David Poltrack, executive vice president, research and planning, CBS, countered the ad industry's complaints, arguing at the MediaPost conference that, tracked over 30 years, average network prime time hikes have been a very consistent 7%—some years higher, some lower. Fragmentation has taken its toll, he acknowledged, noting that, in 1980, purchasing 300 gross rating points on the networks would get a buyer 85% audience reach. Today, those same 300 GRPs achieve a 75% reach.
Still, buyers said, this year's increases were a shock. "We all paid more than we liked," said John Gaffney, chief operating officer of ad-buying firm Media Planning Group and a participant in the MediaPost panel discussion. "The networks did an excellent job of managing the negotiating environment" and persuading buyers to plunk down $9.4 billion in about three days. "None of us would look at [the upfront process] and say gee, this is a smart thing to do."
Yet they did it. As ad-industry veteran Gene DeWitt put it, "We're all consenting adults and elected to participate." On the other hand, he added, bypassing the upfront is not really an option for many of the bigger advertisers, or at least it hasn't been.
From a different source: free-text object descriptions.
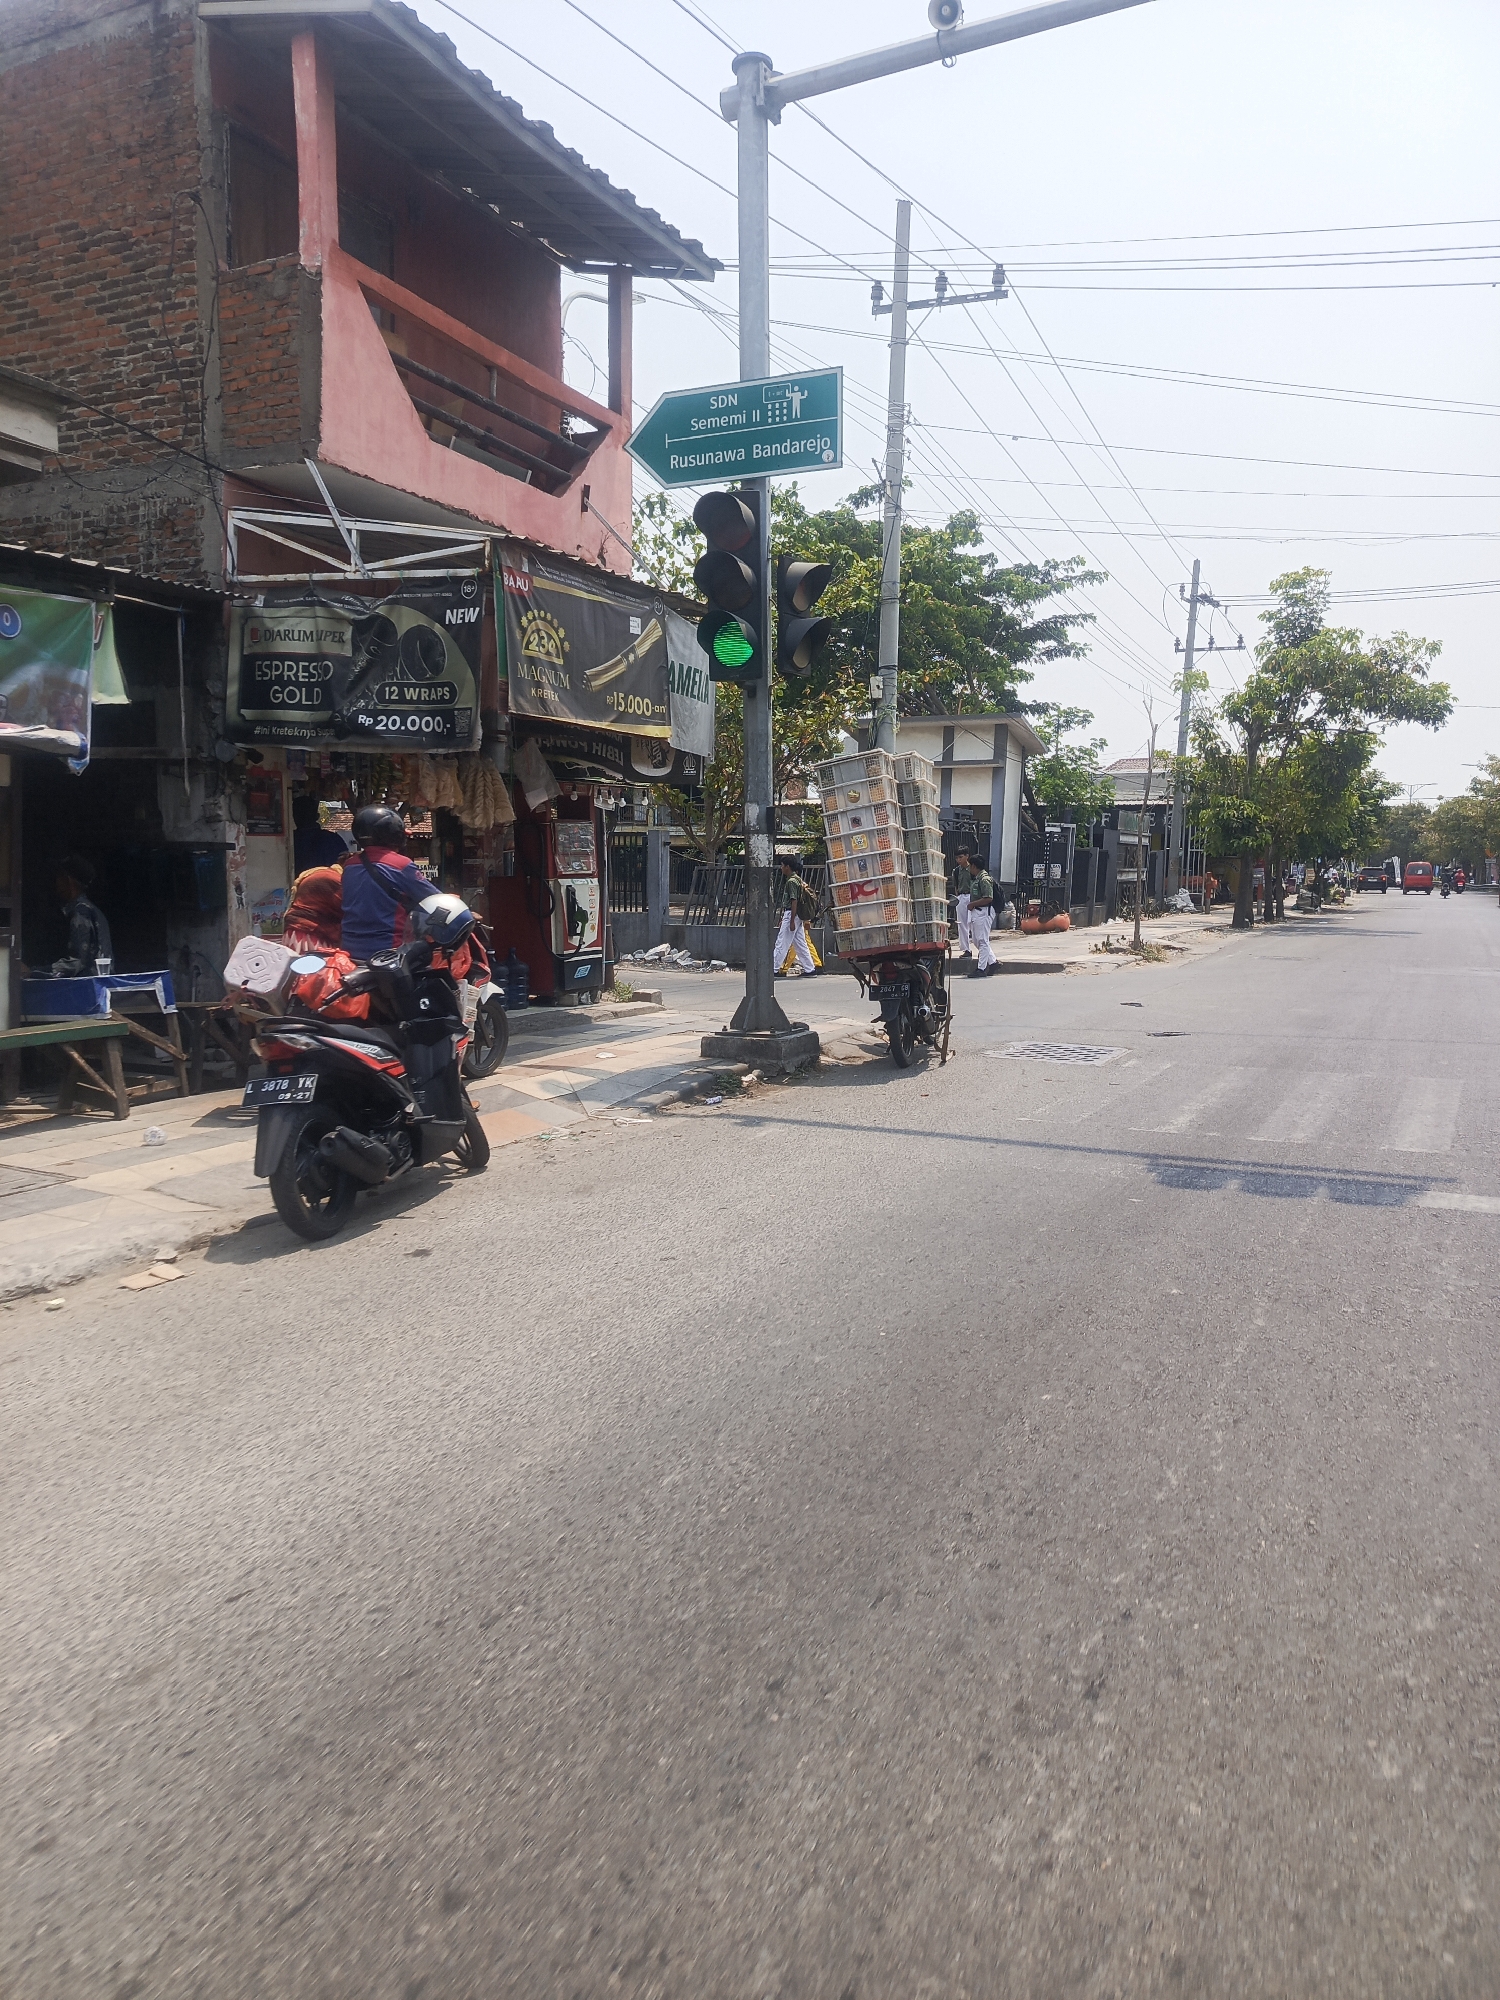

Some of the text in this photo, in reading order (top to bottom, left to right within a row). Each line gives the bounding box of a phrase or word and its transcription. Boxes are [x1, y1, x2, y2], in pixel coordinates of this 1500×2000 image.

[709, 393, 738, 410] SDN
[690, 409, 760, 431] Sememi II
[670, 433, 831, 470] Rusunawa Bandarejo
[463, 585, 476, 593] 18+
[503, 572, 530, 592] BARU
[445, 607, 480, 625] NEW
[263, 628, 315, 643] DJARUM
[528, 631, 558, 657] 234
[255, 660, 334, 683] ESPRESSO
[516, 661, 571, 690] MAGNUM
[269, 685, 323, 706] GOLD
[384, 685, 451, 701] 12 WRAPS
[531, 687, 560, 703] KRETEK
[357, 714, 374, 726] Rp
[253, 725, 270, 735] #Ini
[271, 726, 317, 740] Kreteknya
[246, 1077, 314, 1094] L 3878 YK
[277, 1091, 310, 1100] 09-27
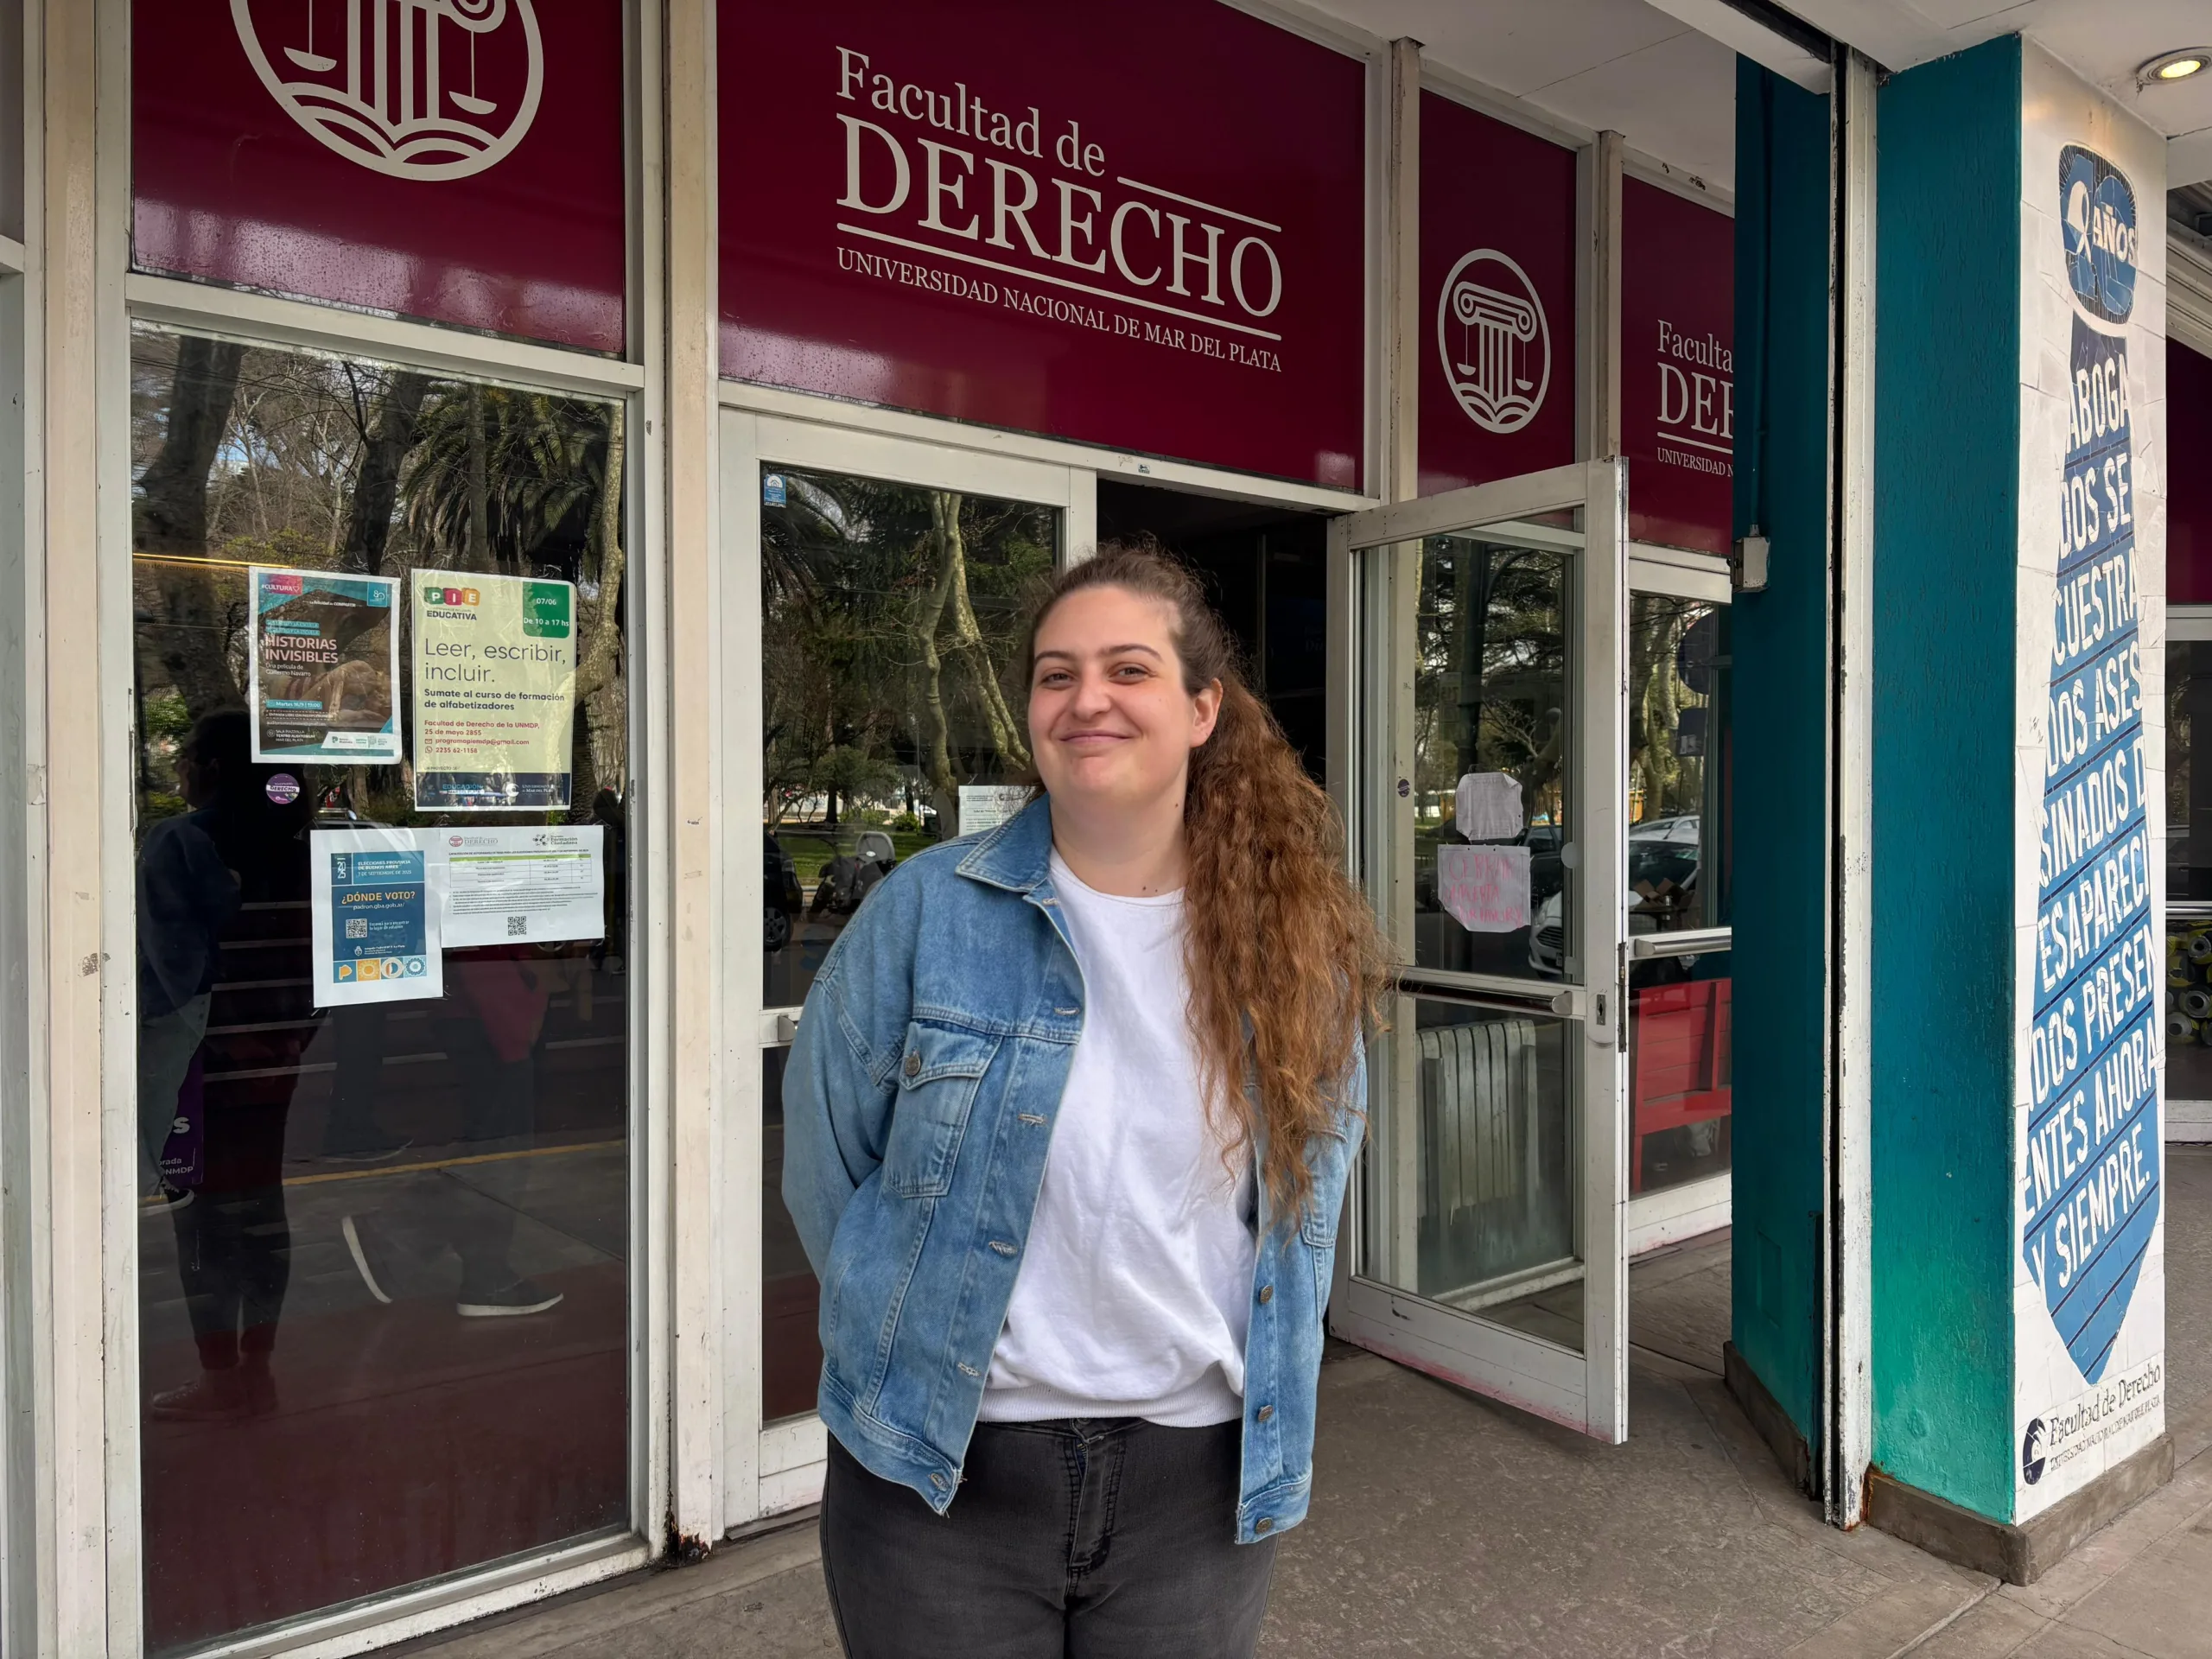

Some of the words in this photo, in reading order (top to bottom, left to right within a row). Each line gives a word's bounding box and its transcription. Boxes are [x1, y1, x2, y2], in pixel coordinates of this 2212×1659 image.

The upfront process, he said, "is designed to manipulate the marketplace." Big spenders who feel they have to buy a lot of network time are essentially captives of the upfront market. But, if steep network increases continue, that will "drive the industry to look for alternatives."
Cynthia Ponce, executive vice president, ABC Sales and Marketing, took exception to DeWitt's suggestion that the networks manipulate the marketplace. Where, she asked, was the big hue and cry when the networks took a price cut at the height of the recession two years ago? The upfront market is designed for clients who want to be on-air at certain times with guaranteed audience levels.
And the fact is, buyers knew what to expect, she said. "They were planning for it for six months."
But the upfront isn't for everybody. Brands can be built without spending a dime on network TV, said DeWitt, who founded and ran DeWitt Media, which he later sold to Publicis. He eschewed the networks when BMW launched its Z-3 model.
Media-buying agencies want to be innovative, they really do, conferees seemed to be saying. It's those gutless clients, with their risk-averse mentality, who keep holding them back.
Jon Mandel, head of U.S. operations for Mediacom said, "Clients have to step up" and be receptive to the innovative ideas that agencies come up with. He recalled one client who demanded an innovative campaign but then rejected as too risky the one Mediacom devised. "It's not just a matter of thinking outside the box," he said. "We have to teach clients to get the hell out of the box."
Charles Courtier, CEO of Media-Edge:cia, agreed. Sometimes executing the right strategy "requires bravery on the part of clients that often isn't there."
Then there's compensation. Time was, not long ago, when the agency got a 15% commission for negotiating and executing the buy. That's now down to low single digits, even fractions of a percent. Thus, said DeWitt, most buyers are going to go for the network buy because doing otherwise would be "financial suicide." Thus, there is little incentive for buyers to consider alternatives "until they change the compensation structure."